Exercise materials
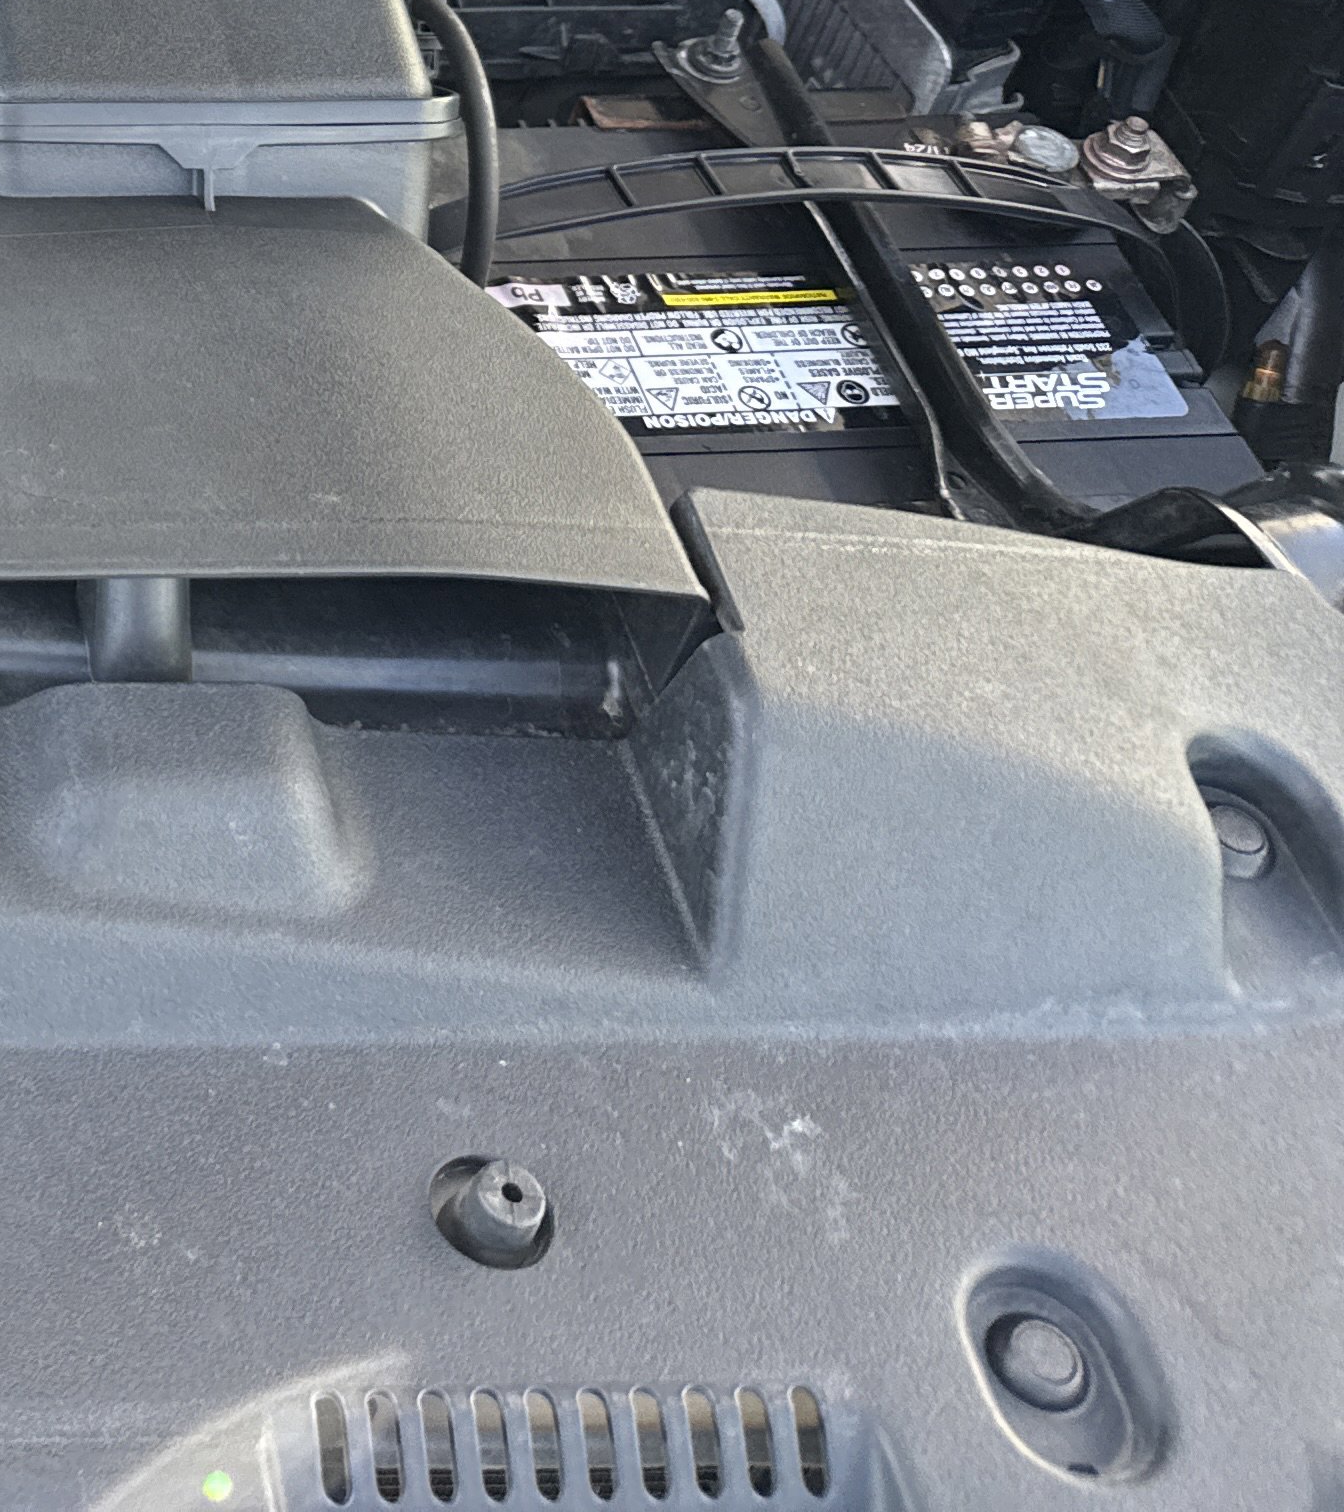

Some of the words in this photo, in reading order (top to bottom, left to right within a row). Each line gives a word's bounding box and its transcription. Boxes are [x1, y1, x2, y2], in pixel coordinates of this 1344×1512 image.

[510, 286, 545, 303] Pb
[700, 386, 723, 394] ACID
[982, 371, 1111, 395] START
[681, 395, 729, 405] SULFURIC
[988, 389, 1106, 410] SUPER
[618, 405, 648, 414] FLUSH
[643, 410, 817, 428] DANGER/POISON
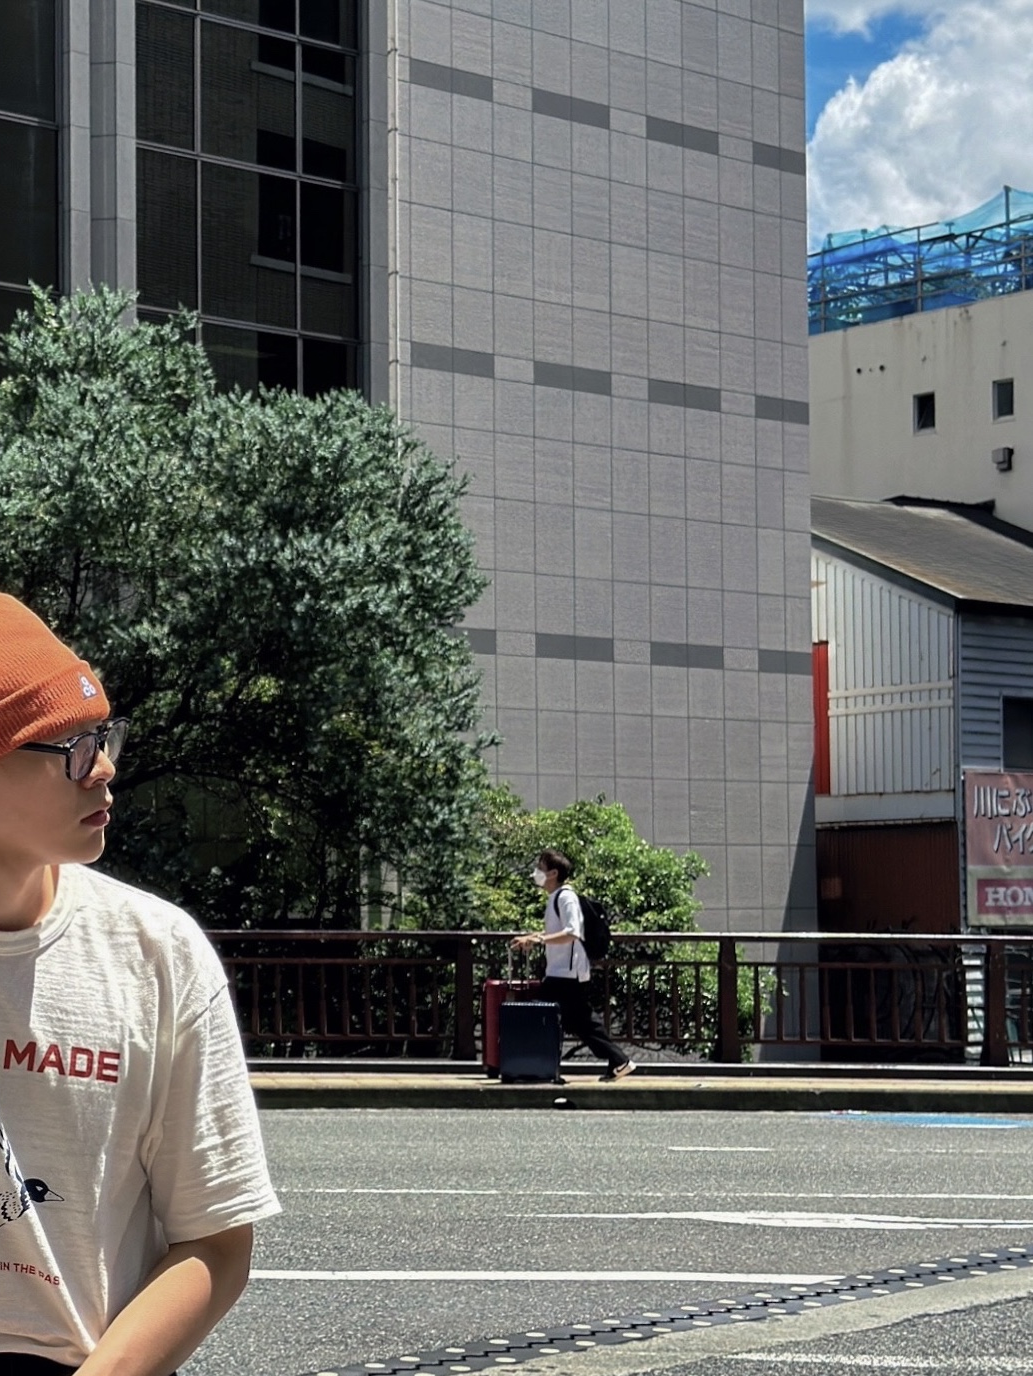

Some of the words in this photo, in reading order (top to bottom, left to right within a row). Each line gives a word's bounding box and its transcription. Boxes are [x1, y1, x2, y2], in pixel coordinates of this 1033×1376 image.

[3, 1039, 121, 1083] MADE
[0, 1261, 10, 1272] IN
[13, 1263, 36, 1275] THE
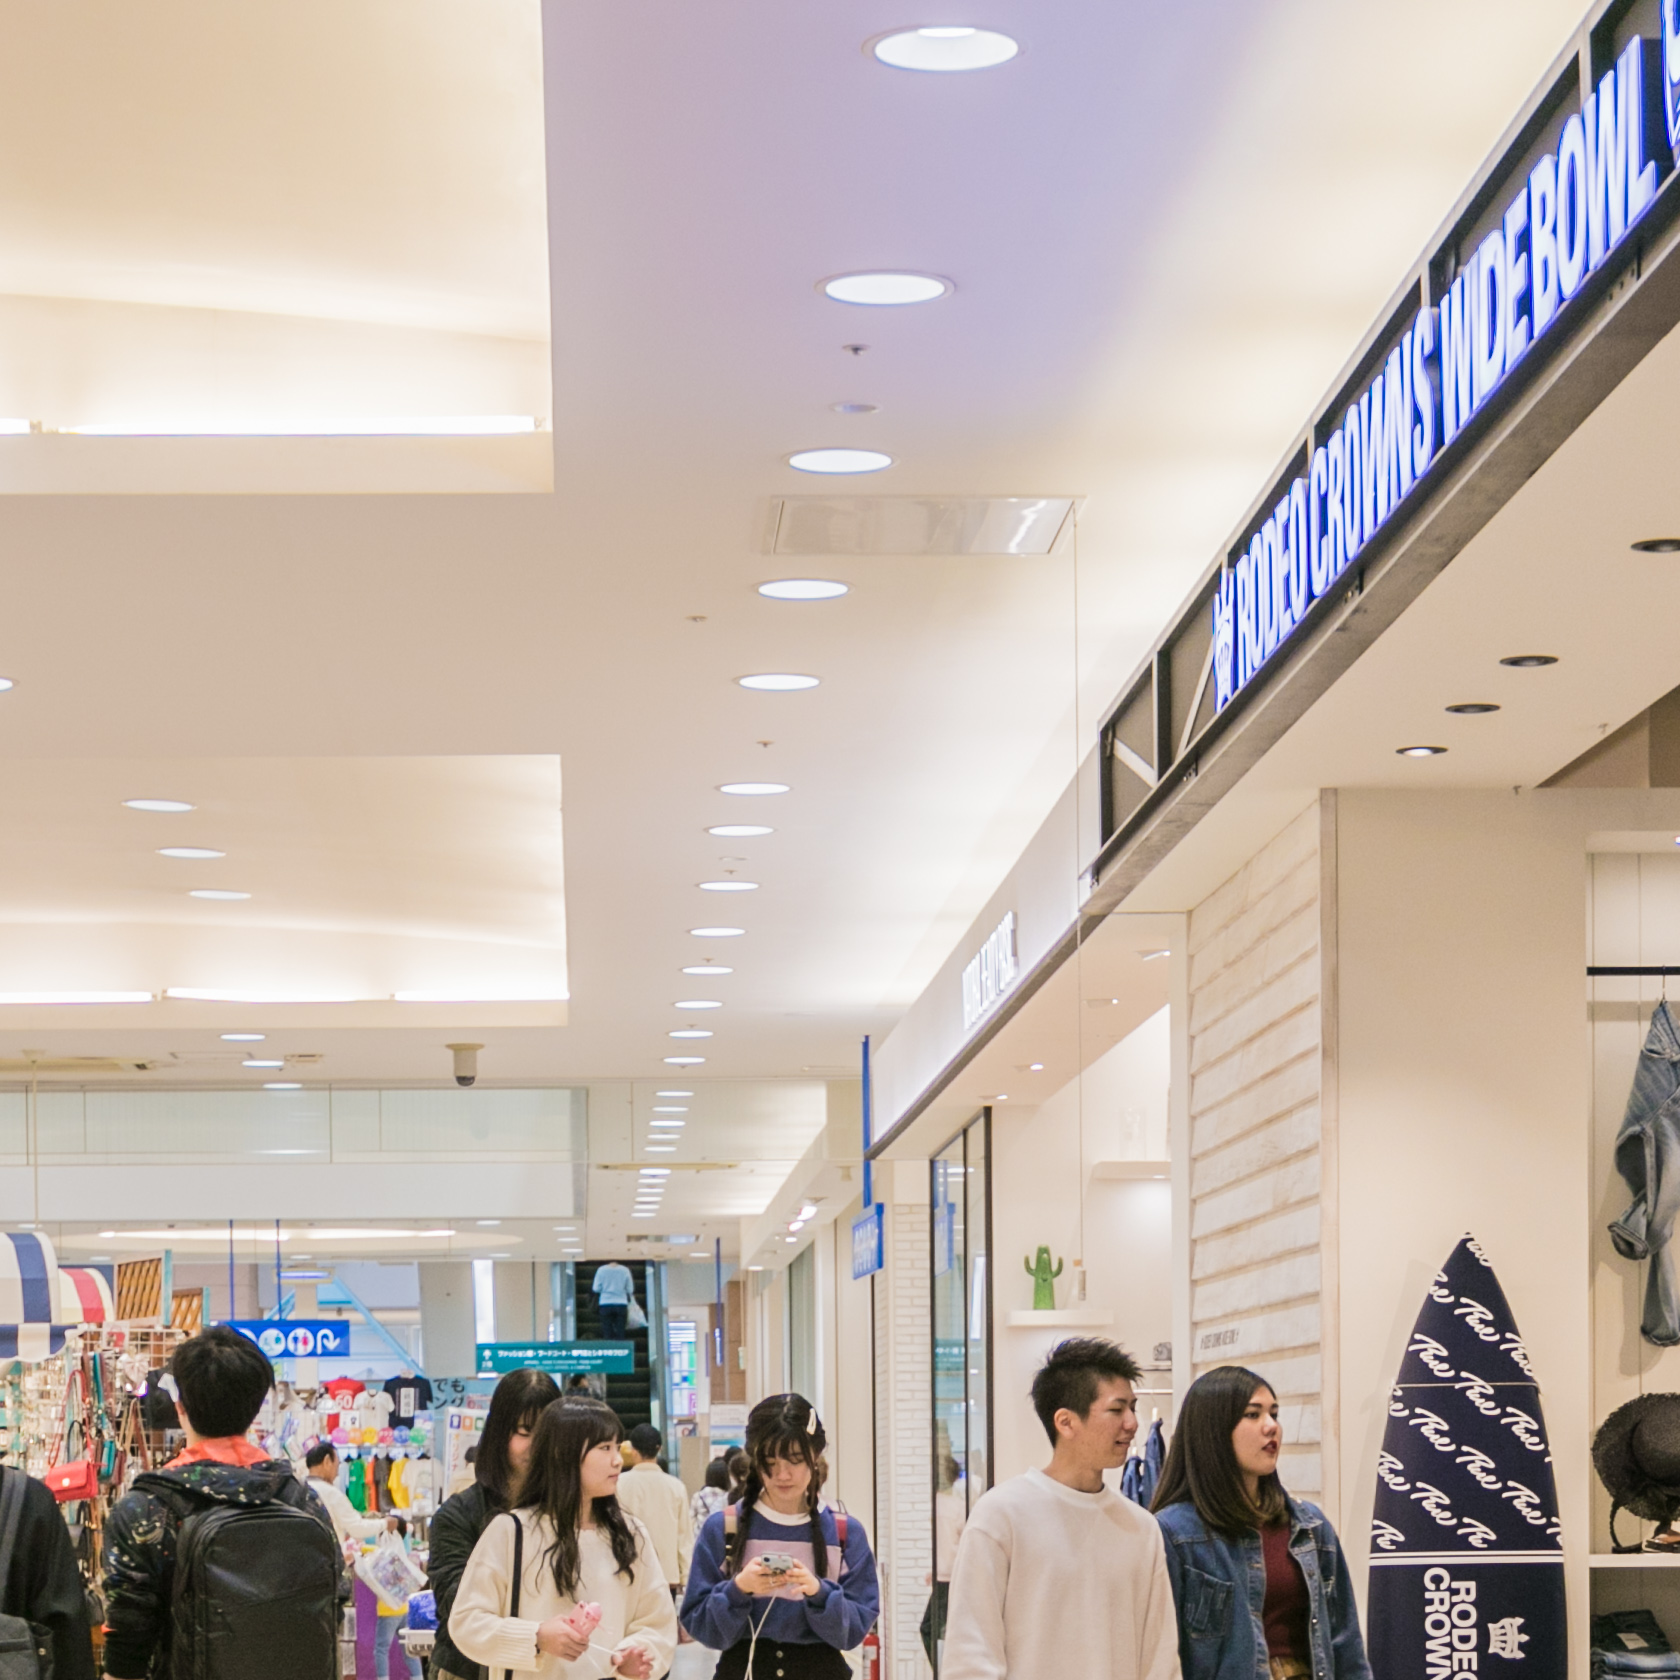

Task to carry out
Write the entries out again exactly as they appear, with the pictures omitted.

Exercise result
Some of the words in this photo, in reading order (top to bottom, left to right within a row). Each line gives a word's bounding box and its transcription. Boxes are [x1, y1, x2, y2], in pixel coordinates of this 1344×1512 image.

[510, 286, 545, 303] Pb
[700, 386, 723, 394] ACID
[982, 371, 1111, 395] START
[681, 395, 729, 405] SULFURIC
[988, 389, 1106, 410] SUPER
[618, 405, 648, 414] FLUSH
[643, 410, 817, 428] DANGER/POISON

Some of the words in this photo, in reading order (top to bottom, left to right within a row). Each line gives a word's bounding box and its transcription. Boxes are [x1, y1, x2, y2], in pixel coordinates of this 1033×1376 image.

[3, 1039, 121, 1083] MADE
[0, 1261, 10, 1272] IN
[13, 1263, 36, 1275] THE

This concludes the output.